:: What to do ::
Transcribe exactly every line from the one containing "this 1280×1280 image." down to the final line of the listing below, including both, and leave out the rest.

:: Data provided ::
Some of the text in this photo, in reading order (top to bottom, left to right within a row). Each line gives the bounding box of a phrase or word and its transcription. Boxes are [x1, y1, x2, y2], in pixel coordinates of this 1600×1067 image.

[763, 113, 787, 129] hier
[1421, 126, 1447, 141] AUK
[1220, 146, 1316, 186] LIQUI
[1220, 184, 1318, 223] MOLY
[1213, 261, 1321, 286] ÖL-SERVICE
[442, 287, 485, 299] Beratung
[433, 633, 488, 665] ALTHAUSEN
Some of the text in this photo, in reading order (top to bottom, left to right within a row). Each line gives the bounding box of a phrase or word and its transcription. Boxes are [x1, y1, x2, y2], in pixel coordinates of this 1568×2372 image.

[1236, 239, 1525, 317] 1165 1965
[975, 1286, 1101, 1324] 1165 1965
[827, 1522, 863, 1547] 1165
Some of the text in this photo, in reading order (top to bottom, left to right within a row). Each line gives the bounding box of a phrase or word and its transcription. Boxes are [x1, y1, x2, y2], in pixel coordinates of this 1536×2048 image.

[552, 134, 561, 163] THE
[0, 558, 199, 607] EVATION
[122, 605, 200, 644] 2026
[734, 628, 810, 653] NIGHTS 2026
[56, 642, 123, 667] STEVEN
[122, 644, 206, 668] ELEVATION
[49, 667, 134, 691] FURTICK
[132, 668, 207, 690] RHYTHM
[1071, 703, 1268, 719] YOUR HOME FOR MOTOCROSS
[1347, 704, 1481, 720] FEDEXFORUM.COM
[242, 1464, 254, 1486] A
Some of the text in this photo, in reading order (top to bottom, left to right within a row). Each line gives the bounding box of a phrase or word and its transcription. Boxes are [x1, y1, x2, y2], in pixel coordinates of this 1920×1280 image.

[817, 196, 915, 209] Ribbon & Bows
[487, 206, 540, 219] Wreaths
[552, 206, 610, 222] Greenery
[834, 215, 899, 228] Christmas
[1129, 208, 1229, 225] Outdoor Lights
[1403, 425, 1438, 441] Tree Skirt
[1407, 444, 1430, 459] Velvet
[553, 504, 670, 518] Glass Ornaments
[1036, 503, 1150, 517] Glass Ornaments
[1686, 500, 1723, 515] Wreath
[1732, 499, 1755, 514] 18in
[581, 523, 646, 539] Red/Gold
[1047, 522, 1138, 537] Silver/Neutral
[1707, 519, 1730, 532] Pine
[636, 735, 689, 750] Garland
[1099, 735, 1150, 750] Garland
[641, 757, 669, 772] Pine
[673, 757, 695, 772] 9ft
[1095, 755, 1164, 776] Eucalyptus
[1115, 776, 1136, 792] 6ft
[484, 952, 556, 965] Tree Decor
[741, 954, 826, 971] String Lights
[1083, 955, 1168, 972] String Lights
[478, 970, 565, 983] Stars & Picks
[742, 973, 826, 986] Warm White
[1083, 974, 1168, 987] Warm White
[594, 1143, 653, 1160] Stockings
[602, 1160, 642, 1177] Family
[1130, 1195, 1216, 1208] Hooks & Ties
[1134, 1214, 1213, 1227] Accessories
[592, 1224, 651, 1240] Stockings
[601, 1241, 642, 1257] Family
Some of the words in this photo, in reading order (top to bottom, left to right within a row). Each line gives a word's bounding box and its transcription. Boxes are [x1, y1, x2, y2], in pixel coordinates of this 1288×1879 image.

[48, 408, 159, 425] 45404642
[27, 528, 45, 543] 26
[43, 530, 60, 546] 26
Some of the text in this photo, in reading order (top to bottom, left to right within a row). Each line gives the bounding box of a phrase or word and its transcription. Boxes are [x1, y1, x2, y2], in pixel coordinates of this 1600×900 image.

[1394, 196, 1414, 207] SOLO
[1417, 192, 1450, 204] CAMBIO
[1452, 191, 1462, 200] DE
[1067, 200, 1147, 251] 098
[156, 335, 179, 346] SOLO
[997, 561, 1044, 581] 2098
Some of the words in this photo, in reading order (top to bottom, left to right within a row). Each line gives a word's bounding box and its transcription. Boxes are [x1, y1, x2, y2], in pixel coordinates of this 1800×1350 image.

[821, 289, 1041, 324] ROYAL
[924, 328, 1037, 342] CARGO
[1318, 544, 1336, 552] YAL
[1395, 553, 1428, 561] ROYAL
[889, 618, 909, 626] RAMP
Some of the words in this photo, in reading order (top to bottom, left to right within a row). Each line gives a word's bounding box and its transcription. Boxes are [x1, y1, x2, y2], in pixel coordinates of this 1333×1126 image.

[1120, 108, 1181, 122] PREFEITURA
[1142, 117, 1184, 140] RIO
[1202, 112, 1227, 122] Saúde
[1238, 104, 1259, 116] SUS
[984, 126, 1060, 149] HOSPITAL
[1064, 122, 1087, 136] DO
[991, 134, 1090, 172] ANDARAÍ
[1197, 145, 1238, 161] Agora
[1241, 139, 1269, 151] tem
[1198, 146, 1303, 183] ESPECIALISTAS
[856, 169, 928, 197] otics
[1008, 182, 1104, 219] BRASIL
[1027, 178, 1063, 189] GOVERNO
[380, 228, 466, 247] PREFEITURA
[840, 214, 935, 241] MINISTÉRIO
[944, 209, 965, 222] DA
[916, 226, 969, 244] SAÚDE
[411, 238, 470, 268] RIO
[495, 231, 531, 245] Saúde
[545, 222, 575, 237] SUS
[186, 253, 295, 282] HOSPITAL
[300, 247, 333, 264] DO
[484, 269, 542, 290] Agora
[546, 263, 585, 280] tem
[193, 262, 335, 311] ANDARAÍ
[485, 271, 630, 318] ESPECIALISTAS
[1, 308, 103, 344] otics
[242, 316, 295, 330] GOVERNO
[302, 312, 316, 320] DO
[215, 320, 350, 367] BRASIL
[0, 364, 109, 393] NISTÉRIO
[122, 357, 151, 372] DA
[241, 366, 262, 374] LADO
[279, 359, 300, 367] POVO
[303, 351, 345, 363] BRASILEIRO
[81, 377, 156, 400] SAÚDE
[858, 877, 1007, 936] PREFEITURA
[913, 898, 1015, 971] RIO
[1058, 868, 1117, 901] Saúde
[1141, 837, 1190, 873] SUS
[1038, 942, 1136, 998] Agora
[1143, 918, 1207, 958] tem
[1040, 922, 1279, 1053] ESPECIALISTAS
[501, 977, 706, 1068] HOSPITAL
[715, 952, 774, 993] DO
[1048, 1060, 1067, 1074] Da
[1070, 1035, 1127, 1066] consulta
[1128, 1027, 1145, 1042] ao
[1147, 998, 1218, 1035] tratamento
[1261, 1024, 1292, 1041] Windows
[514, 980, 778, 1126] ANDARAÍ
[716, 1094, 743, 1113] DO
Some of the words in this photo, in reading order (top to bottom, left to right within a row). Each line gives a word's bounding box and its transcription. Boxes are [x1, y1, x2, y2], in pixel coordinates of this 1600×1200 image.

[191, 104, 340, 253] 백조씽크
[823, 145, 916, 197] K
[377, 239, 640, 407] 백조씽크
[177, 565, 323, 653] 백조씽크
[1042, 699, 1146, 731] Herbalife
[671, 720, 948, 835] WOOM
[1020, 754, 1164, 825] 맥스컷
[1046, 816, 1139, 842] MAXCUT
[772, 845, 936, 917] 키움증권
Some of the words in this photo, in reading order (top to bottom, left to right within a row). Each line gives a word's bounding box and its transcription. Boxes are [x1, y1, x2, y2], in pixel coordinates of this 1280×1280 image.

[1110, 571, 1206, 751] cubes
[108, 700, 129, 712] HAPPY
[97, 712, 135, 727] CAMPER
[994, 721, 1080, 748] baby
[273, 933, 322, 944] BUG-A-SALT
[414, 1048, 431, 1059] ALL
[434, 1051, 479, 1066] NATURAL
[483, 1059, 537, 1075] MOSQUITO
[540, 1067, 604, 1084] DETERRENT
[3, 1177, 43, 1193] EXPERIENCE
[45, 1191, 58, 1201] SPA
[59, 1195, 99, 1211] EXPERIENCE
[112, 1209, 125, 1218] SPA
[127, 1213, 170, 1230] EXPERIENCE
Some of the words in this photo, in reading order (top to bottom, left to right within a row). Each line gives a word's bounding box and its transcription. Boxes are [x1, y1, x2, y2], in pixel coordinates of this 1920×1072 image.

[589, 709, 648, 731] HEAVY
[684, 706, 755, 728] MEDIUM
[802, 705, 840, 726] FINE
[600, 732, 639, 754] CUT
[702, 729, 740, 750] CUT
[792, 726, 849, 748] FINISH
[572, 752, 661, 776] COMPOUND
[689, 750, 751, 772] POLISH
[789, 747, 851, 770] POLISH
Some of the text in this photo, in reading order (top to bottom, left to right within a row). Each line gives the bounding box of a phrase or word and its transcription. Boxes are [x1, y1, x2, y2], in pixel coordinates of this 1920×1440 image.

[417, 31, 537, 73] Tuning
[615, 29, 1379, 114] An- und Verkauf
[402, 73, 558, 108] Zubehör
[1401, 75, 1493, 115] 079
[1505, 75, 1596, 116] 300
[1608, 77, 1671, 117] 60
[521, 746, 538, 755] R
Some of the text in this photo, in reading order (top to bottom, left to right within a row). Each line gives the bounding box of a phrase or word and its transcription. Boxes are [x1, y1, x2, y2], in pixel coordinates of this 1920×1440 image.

:: Answer to this task ::
Some of the words in this photo, in reading order (top to bottom, left to right within a row). Each line gives a word's bounding box and its transcription. Boxes are [x1, y1, x2, y2], in pixel coordinates of this 1280×1280 image.

[1110, 571, 1206, 751] cubes
[108, 700, 129, 712] HAPPY
[97, 712, 135, 727] CAMPER
[994, 721, 1080, 748] baby
[273, 933, 322, 944] BUG-A-SALT
[414, 1048, 431, 1059] ALL
[434, 1051, 479, 1066] NATURAL
[483, 1059, 537, 1075] MOSQUITO
[540, 1067, 604, 1084] DETERRENT
[3, 1177, 43, 1193] EXPERIENCE
[45, 1191, 58, 1201] SPA
[59, 1195, 99, 1211] EXPERIENCE
[112, 1209, 125, 1218] SPA
[127, 1213, 170, 1230] EXPERIENCE
Some of the words in this photo, in reading order (top to bottom, left to right within a row). Each line gives a word's bounding box and its transcription. Boxes are [x1, y1, x2, y2], in pixel coordinates of this 1920×1072 image.

[589, 709, 648, 731] HEAVY
[684, 706, 755, 728] MEDIUM
[802, 705, 840, 726] FINE
[600, 732, 639, 754] CUT
[702, 729, 740, 750] CUT
[792, 726, 849, 748] FINISH
[572, 752, 661, 776] COMPOUND
[689, 750, 751, 772] POLISH
[789, 747, 851, 770] POLISH
Some of the text in this photo, in reading order (top to bottom, left to right within a row). Each line gives the bounding box of a phrase or word and its transcription. Boxes are [x1, y1, x2, y2], in pixel coordinates of this 1920×1440 image.

[417, 31, 537, 73] Tuning
[615, 29, 1379, 114] An- und Verkauf
[402, 73, 558, 108] Zubehör
[1401, 75, 1493, 115] 079
[1505, 75, 1596, 116] 300
[1608, 77, 1671, 117] 60
[521, 746, 538, 755] R
Some of the text in this photo, in reading order (top to bottom, left to right within a row). Each line gives the bounding box of a phrase or word and its transcription. Boxes are [x1, y1, x2, y2], in pixel coordinates of this 1920×1440 image.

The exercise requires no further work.